A probably better way to see this is to use functoriality of $G$-sheaves : the global section functor goes from $G$-sheaves of abelian groups to abelian groups endowed with an action of $G$. Since the abelian category of $G$-sheaves has enough injectives (a classical fact, you can find it in Grothendieck's famous Tohoku paper) you can derive it. You get cohomology groups naturally endowed with an action of $G$. Once you apply the forgetful functor, you recover the usual cohomology groups (this is easy to see directly, or you can use Grothendieck's theorem on derivation of a composition of functors, the only point is that the forgetful functor is acyclic).
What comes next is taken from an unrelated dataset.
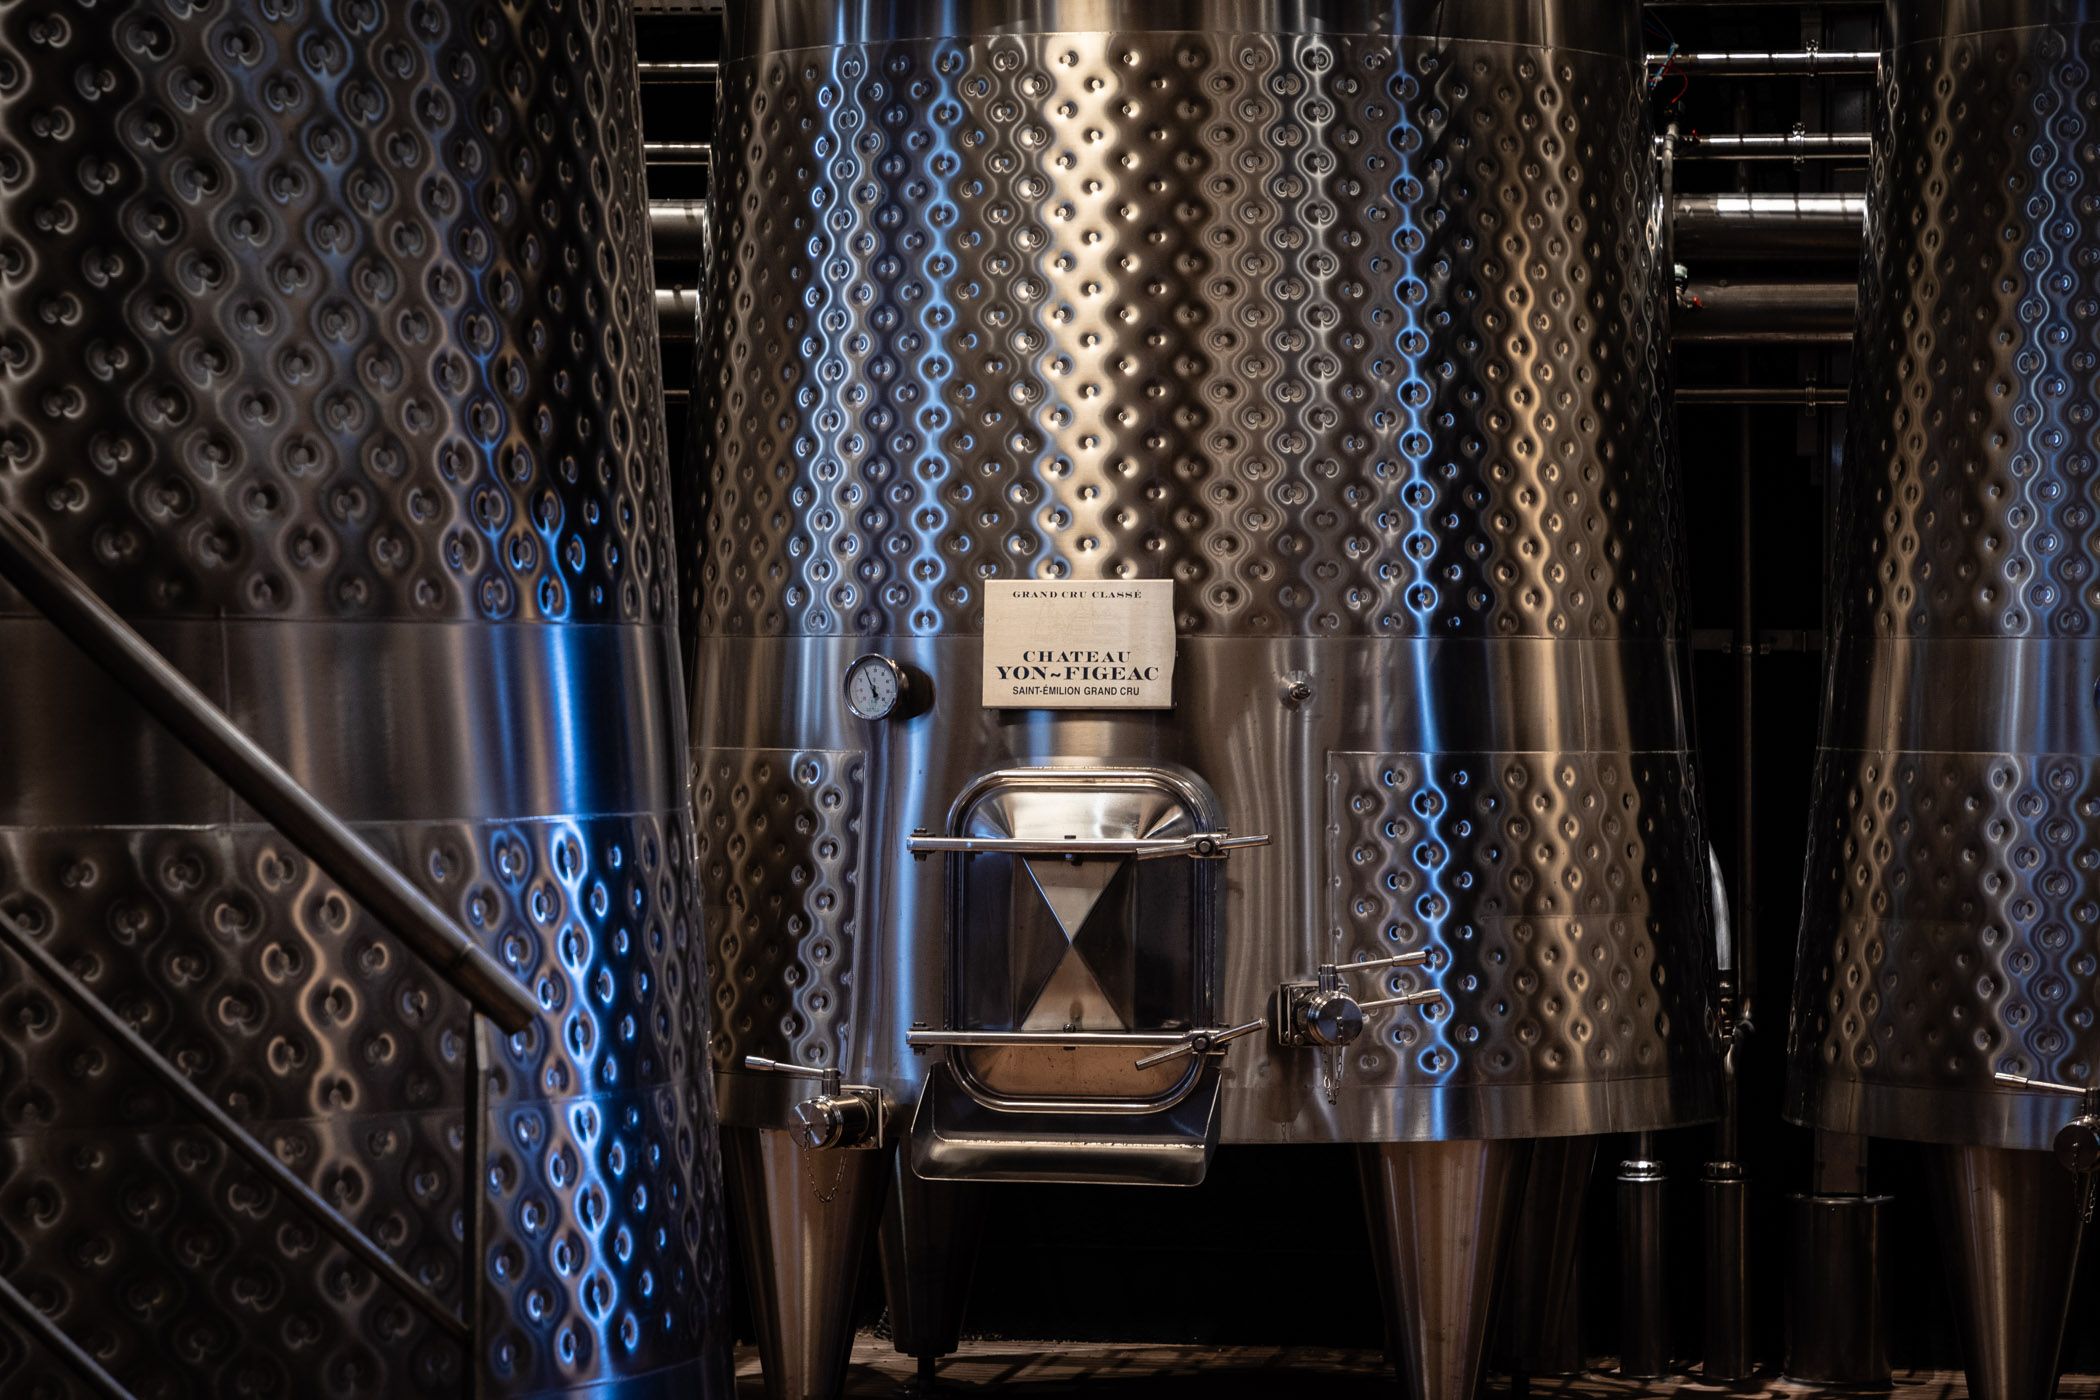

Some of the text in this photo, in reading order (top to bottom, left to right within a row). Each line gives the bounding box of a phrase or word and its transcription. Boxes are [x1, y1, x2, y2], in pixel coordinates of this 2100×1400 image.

There is a natural generalization to action of non constant groups, and also to action of monoids.

I think you can apply this in your situation, since the $l$-adic sheaf defining $l$-adic cohomology is naturally endowed with the structure of a $G$-sheaf (the sheaf $\mathbb Z/l^k\mathbb Z$, as any constant sheaf, has a canonical structure of $G$-sheaf).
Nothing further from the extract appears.